#### WORK TO BE COMPLETED:
Return each line of the listing exactly, though without its images.

#### DATA FOR THIS TASK:
+ + + + + + +

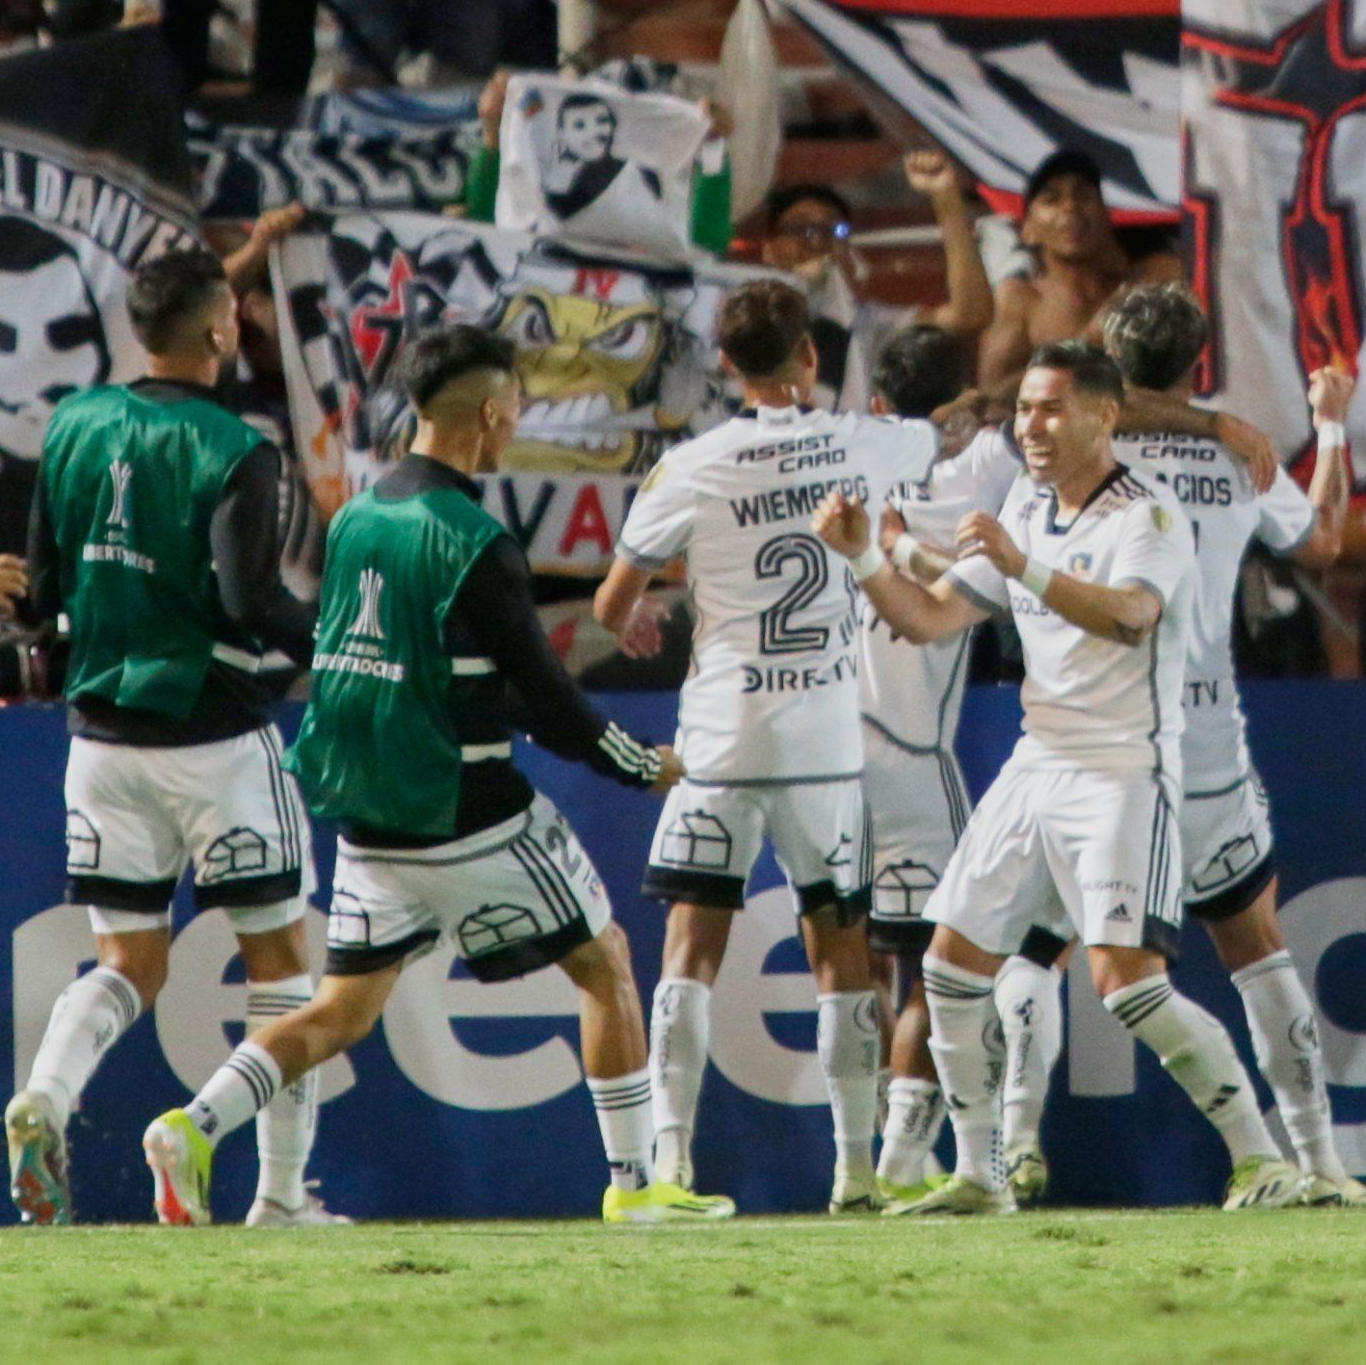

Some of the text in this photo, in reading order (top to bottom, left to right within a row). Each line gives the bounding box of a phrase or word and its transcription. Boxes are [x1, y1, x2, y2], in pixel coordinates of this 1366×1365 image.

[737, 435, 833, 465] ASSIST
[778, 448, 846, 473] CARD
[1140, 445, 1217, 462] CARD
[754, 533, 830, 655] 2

+ + + + + + +

#### ANSWER TO THIS EXERCISE:
Some of the text in this photo, in reading order (top to bottom, left to right within a row). Each line gives the bounding box of a phrase or word and its transcription. Boxes are [x1, y1, x2, y2], in pixel coordinates of this 1366×1365 image.

[737, 435, 833, 465] ASSIST
[778, 448, 846, 473] CARD
[1140, 445, 1217, 462] CARD
[754, 533, 830, 655] 2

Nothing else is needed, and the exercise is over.